The task
Print all of the data below exactly as it appears, leaving out every image.

^^^^

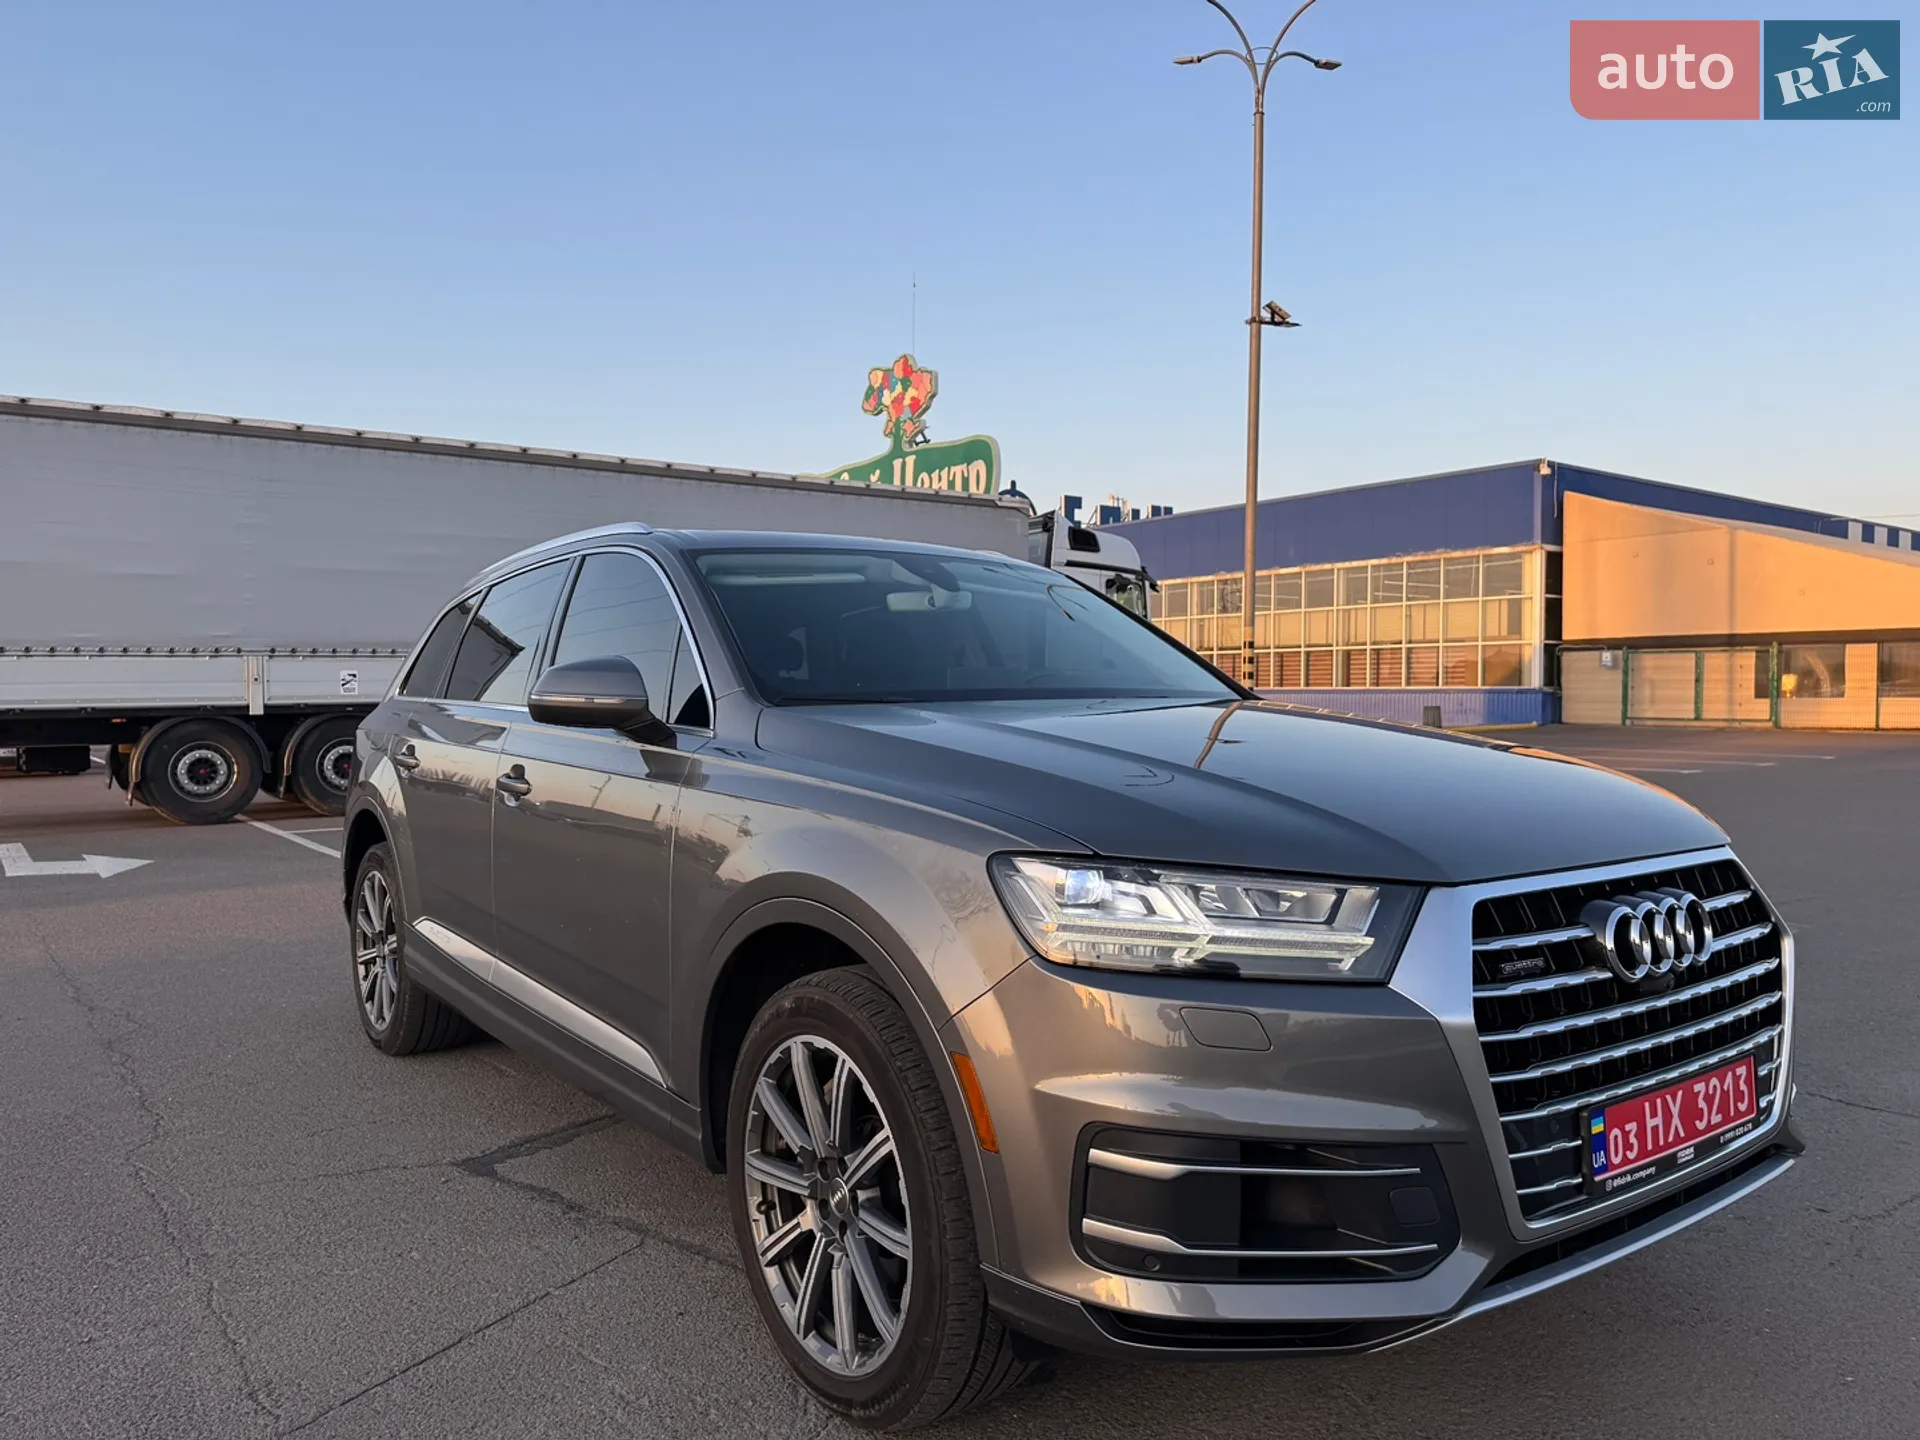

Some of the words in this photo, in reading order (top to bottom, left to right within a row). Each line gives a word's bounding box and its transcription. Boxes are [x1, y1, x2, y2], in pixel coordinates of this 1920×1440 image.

[1609, 1121, 1639, 1165] 03
[1644, 1089, 1685, 1151] HX
[1693, 1065, 1749, 1130] 3213
[1592, 1150, 1607, 1168] UA
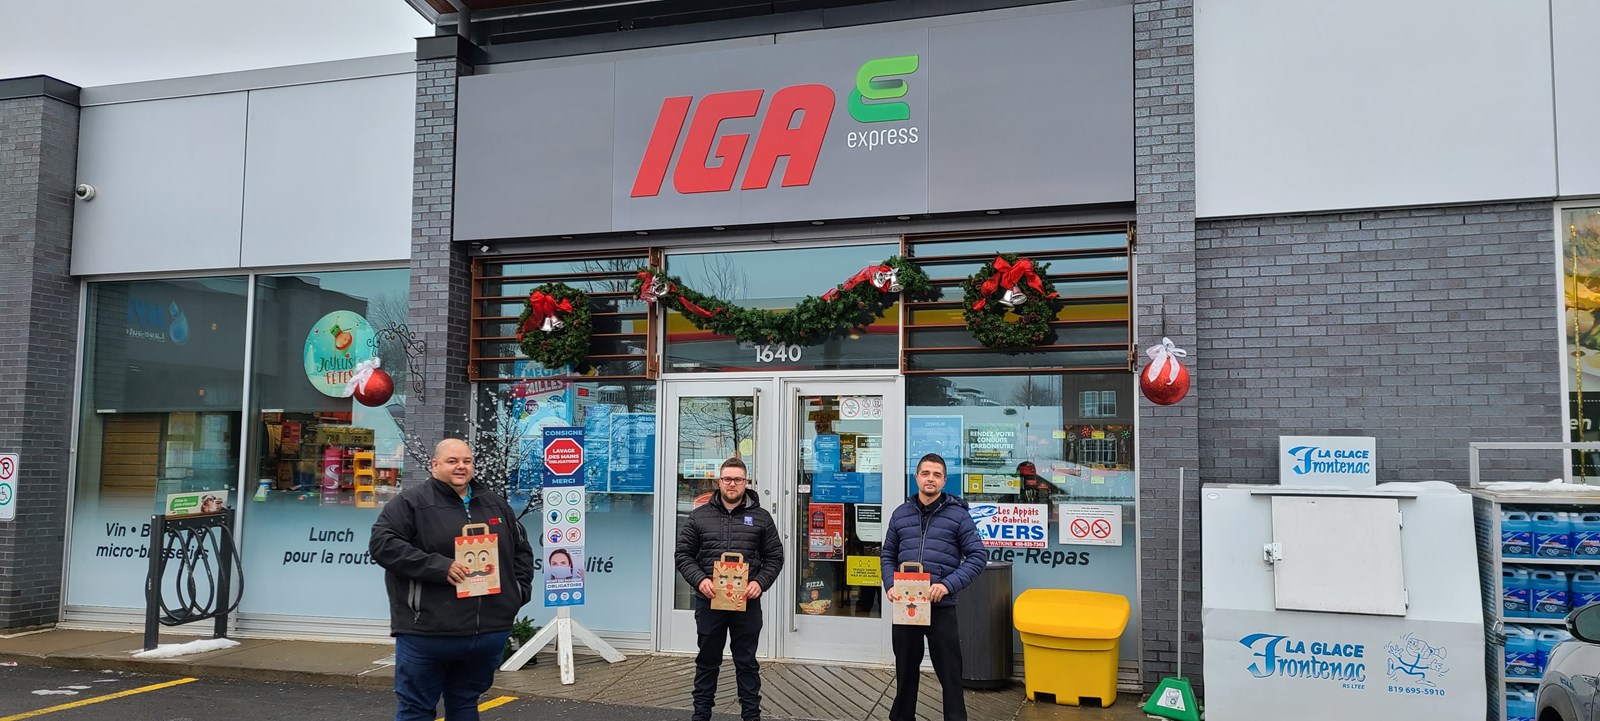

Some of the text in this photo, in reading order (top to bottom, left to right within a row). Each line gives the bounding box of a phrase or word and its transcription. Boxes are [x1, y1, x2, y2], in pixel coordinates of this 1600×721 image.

^^^^

Worked solution
Some of the words in this photo, in reading order (top to bottom, left to right within a row). Each line gives a word's bounding box and its transcription. Boxes are [x1, y1, x2, y2], in pixel coordinates of this 1920×1440 image.

[1609, 1121, 1639, 1165] 03
[1644, 1089, 1685, 1151] HX
[1693, 1065, 1749, 1130] 3213
[1592, 1150, 1607, 1168] UA

Some of the text in this photo, in reading order (top to bottom, left to right within a row). Each line gives the bounding box of a phrase or word and its transcription. Boxes are [x1, y1, x2, y2], in pixel coordinates of this 1600×721 image.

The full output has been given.